++++ Record excerpts ++++

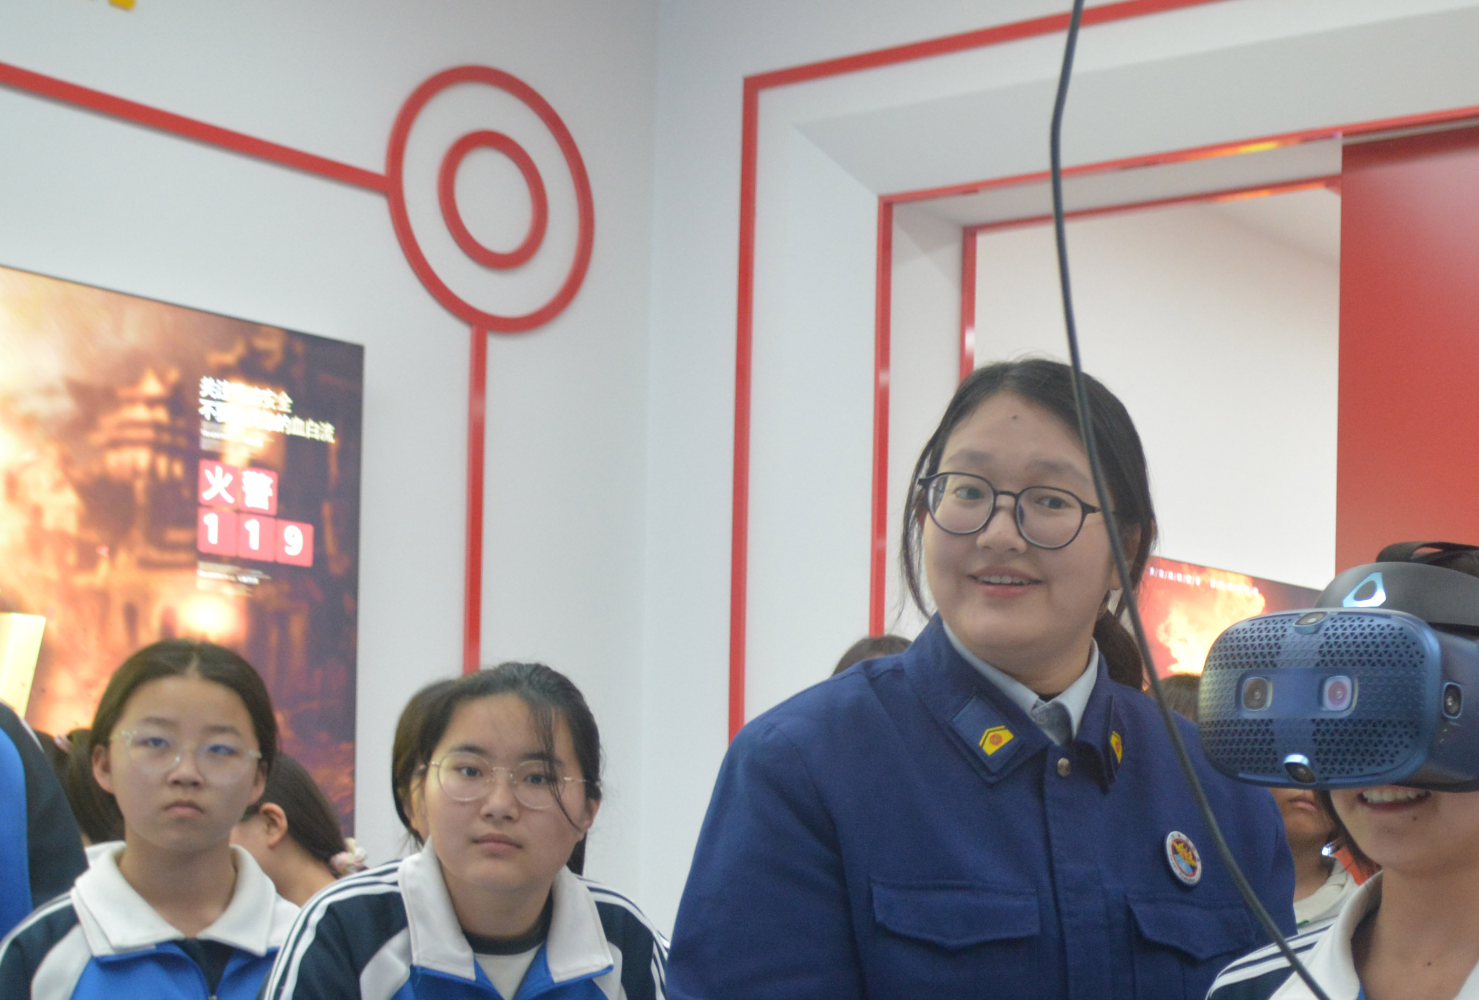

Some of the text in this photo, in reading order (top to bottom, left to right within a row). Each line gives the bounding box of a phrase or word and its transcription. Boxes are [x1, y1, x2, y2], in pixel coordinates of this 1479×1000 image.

[199, 376, 293, 413] 关注安全
[202, 465, 273, 510] 火警
[203, 512, 304, 556] 119
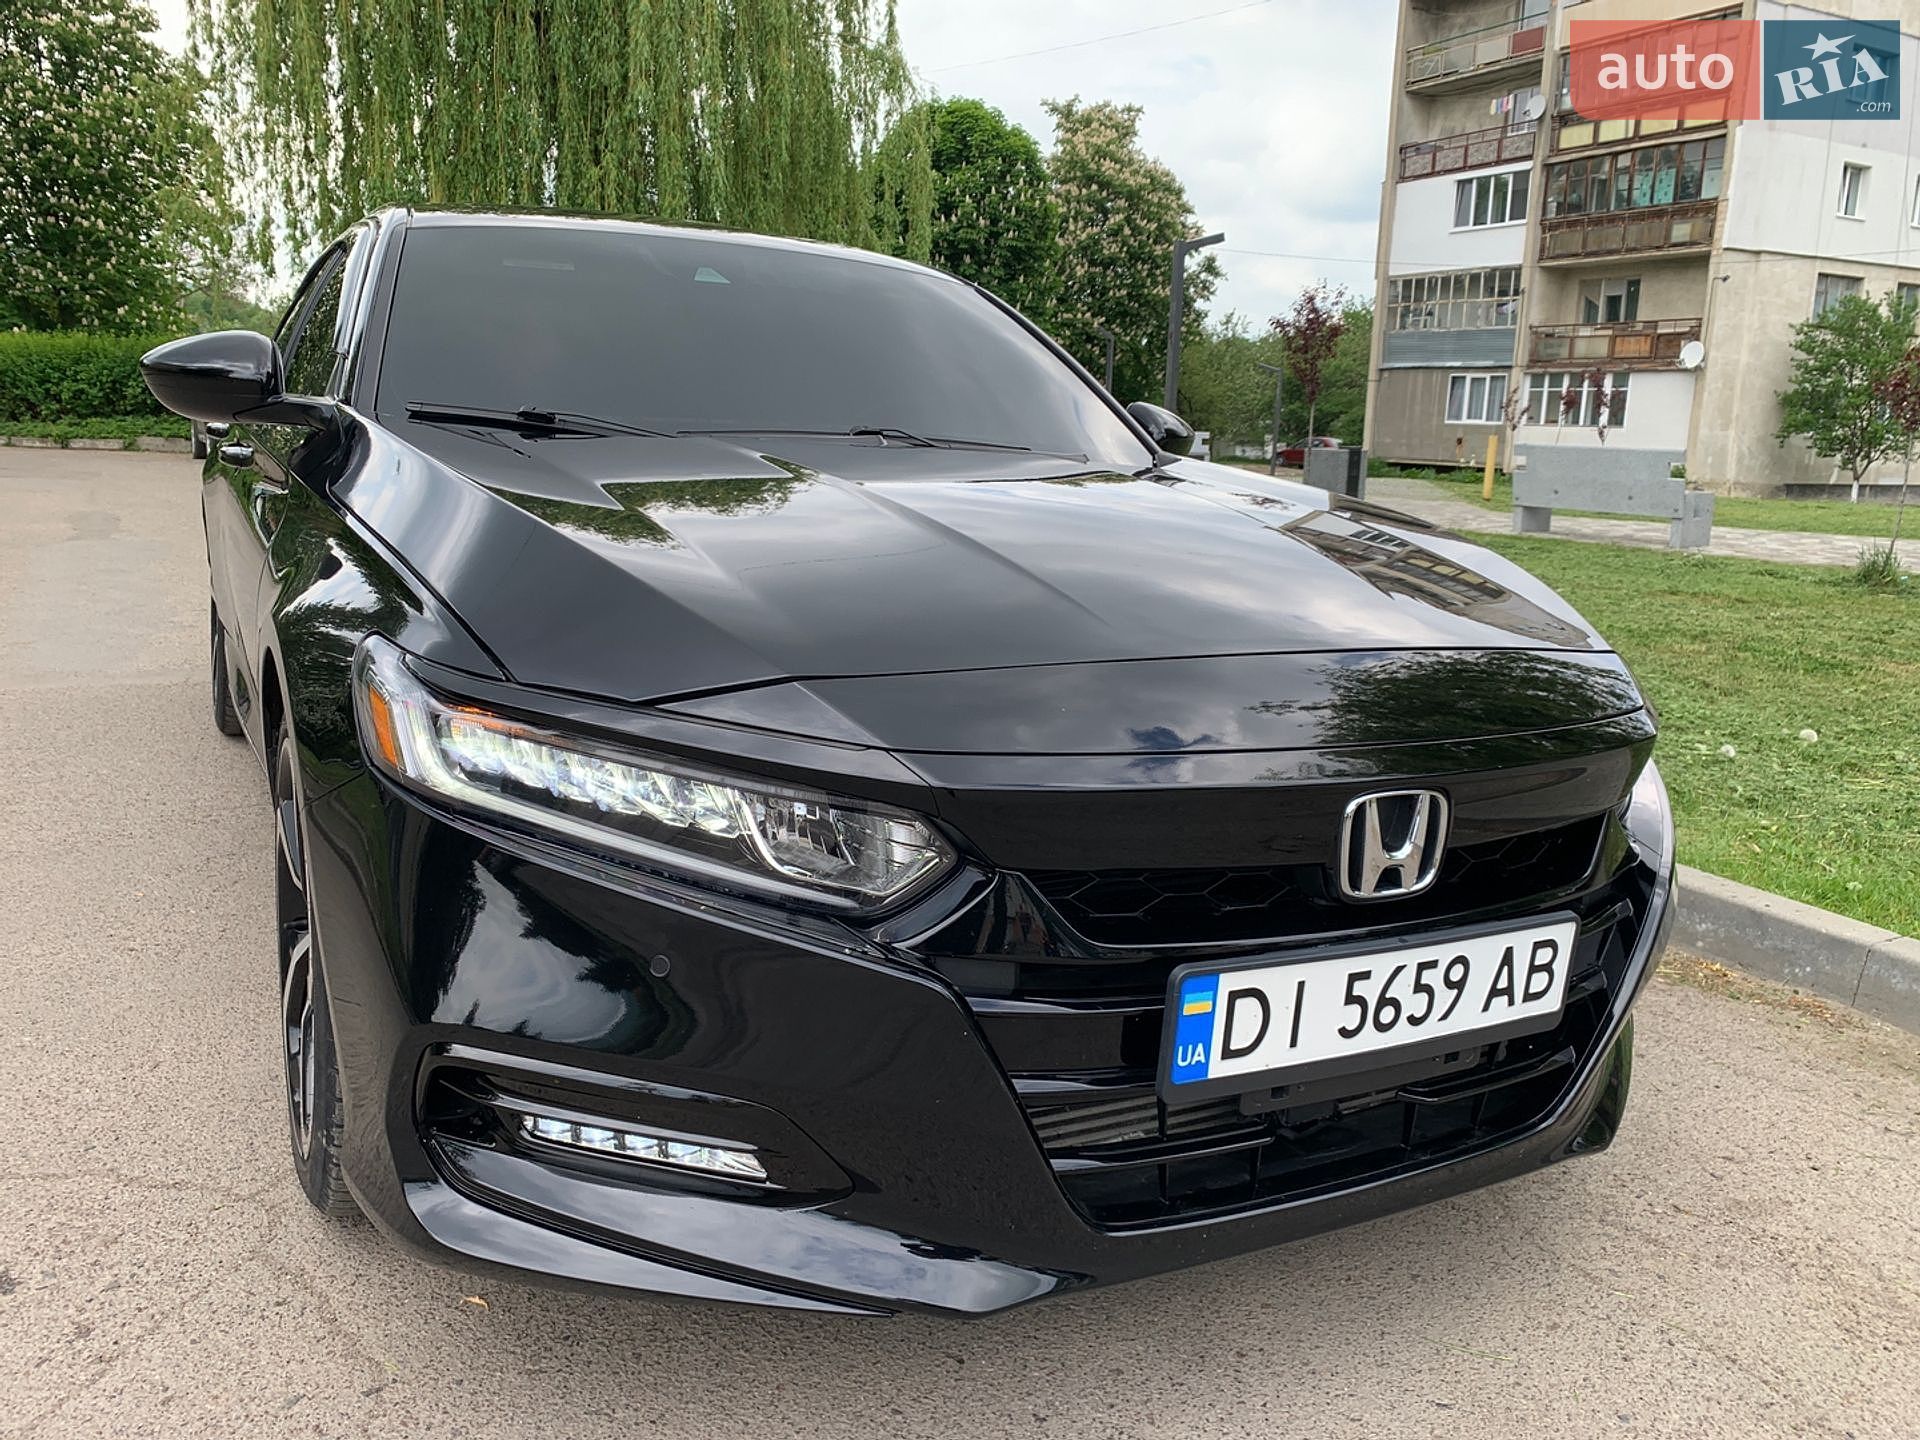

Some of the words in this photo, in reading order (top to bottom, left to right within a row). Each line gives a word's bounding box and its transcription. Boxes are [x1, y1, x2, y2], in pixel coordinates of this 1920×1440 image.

[1221, 980, 1306, 1061] DI
[1337, 954, 1470, 1039] 5659
[1481, 938, 1559, 1013] AB
[1177, 1043, 1206, 1067] UA
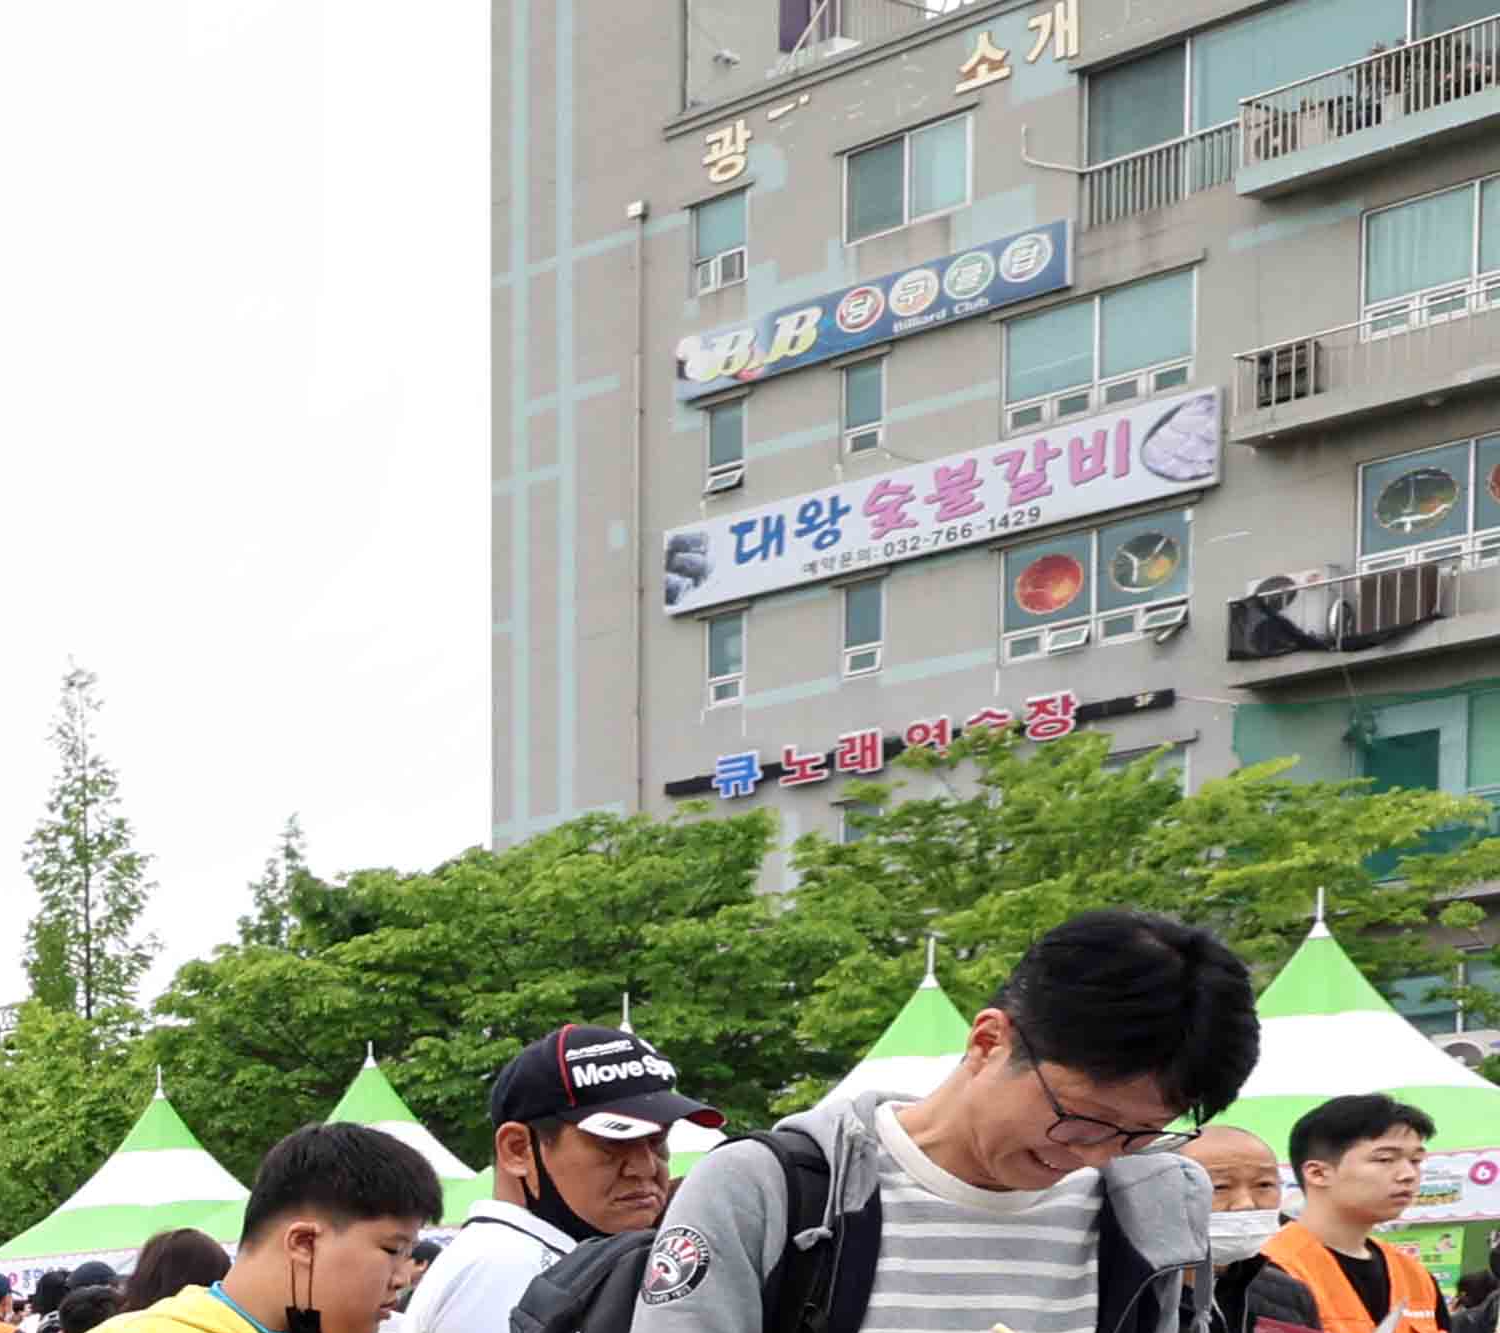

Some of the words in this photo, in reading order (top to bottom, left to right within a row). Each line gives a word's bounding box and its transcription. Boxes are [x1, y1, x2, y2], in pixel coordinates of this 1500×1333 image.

++++

## Work instructions
The data is to be returned exactly as it stands, pictures aside.

## Solution to the exercise
Some of the text in this photo, in reading order (top to bottom, left to right within a row). Each line gives the bounding box of a phrase or word and its transcription. Boxes are [x1, y1, x2, y2], in pixel coordinates of this 1479×1000 image.

[199, 376, 293, 413] 关注安全
[202, 465, 273, 510] 火警
[203, 512, 304, 556] 119

Some of the words in this photo, in reading order (top to bottom, left to right within a row). Each line gives a word's bounding box and its transcription. Boxes are [x1, y1, x2, y2], in pixel coordinates of this 1920×1440 image.

[1221, 980, 1306, 1061] DI
[1337, 954, 1470, 1039] 5659
[1481, 938, 1559, 1013] AB
[1177, 1043, 1206, 1067] UA

Some of the words in this photo, in reading order (top to bottom, left to right within a row). Each line gives a word's bounding box and its transcription. Boxes are [x1, y1, x2, y2], in pixel coordinates of this 1500×1333 image.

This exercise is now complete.